Print the whole listing, character for character.

======== INPUT MATERIAL

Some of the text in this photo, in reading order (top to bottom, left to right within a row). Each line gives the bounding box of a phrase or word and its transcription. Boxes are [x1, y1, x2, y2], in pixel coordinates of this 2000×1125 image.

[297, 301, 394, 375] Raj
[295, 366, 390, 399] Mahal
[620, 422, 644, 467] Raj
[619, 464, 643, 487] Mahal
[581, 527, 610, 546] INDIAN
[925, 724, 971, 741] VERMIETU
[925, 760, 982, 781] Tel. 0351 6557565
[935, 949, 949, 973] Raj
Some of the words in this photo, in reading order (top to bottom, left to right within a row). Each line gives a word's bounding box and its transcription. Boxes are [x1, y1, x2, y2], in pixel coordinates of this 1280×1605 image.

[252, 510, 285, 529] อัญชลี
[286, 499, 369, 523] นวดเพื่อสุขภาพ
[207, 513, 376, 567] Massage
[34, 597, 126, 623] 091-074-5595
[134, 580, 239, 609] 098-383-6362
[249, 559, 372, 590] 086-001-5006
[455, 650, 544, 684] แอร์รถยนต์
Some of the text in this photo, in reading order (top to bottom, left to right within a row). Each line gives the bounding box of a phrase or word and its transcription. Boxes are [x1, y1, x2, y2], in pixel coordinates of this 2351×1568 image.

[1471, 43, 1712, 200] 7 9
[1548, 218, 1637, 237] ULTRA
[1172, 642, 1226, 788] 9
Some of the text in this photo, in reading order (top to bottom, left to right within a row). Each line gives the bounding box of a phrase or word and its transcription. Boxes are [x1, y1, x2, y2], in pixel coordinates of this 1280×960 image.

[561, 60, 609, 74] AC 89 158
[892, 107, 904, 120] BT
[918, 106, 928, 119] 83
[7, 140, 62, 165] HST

================

▶ WRITTEN RESPONSE
Some of the text in this photo, in reading order (top to bottom, left to right within a row). Each line gives the bounding box of a phrase or word and its transcription. Boxes are [x1, y1, x2, y2], in pixel coordinates of this 2000×1125 image.

[297, 301, 394, 375] Raj
[295, 366, 390, 399] Mahal
[620, 422, 644, 467] Raj
[619, 464, 643, 487] Mahal
[581, 527, 610, 546] INDIAN
[925, 724, 971, 741] VERMIETU
[925, 760, 982, 781] Tel. 0351 6557565
[935, 949, 949, 973] Raj
Some of the words in this photo, in reading order (top to bottom, left to right within a row). Each line gives a word's bounding box and its transcription. Boxes are [x1, y1, x2, y2], in pixel coordinates of this 1280×1605 image.

[252, 510, 285, 529] อัญชลี
[286, 499, 369, 523] นวดเพื่อสุขภาพ
[207, 513, 376, 567] Massage
[34, 597, 126, 623] 091-074-5595
[134, 580, 239, 609] 098-383-6362
[249, 559, 372, 590] 086-001-5006
[455, 650, 544, 684] แอร์รถยนต์
Some of the text in this photo, in reading order (top to bottom, left to right within a row). Each line gives the bounding box of a phrase or word and its transcription. Boxes are [x1, y1, x2, y2], in pixel coordinates of this 2351×1568 image.

[1471, 43, 1712, 200] 7 9
[1548, 218, 1637, 237] ULTRA
[1172, 642, 1226, 788] 9
Some of the text in this photo, in reading order (top to bottom, left to right within a row). Each line gives the bounding box of a phrase or word and its transcription. Boxes are [x1, y1, x2, y2], in pixel coordinates of this 1280×960 image.

[561, 60, 609, 74] AC 89 158
[892, 107, 904, 120] BT
[918, 106, 928, 119] 83
[7, 140, 62, 165] HST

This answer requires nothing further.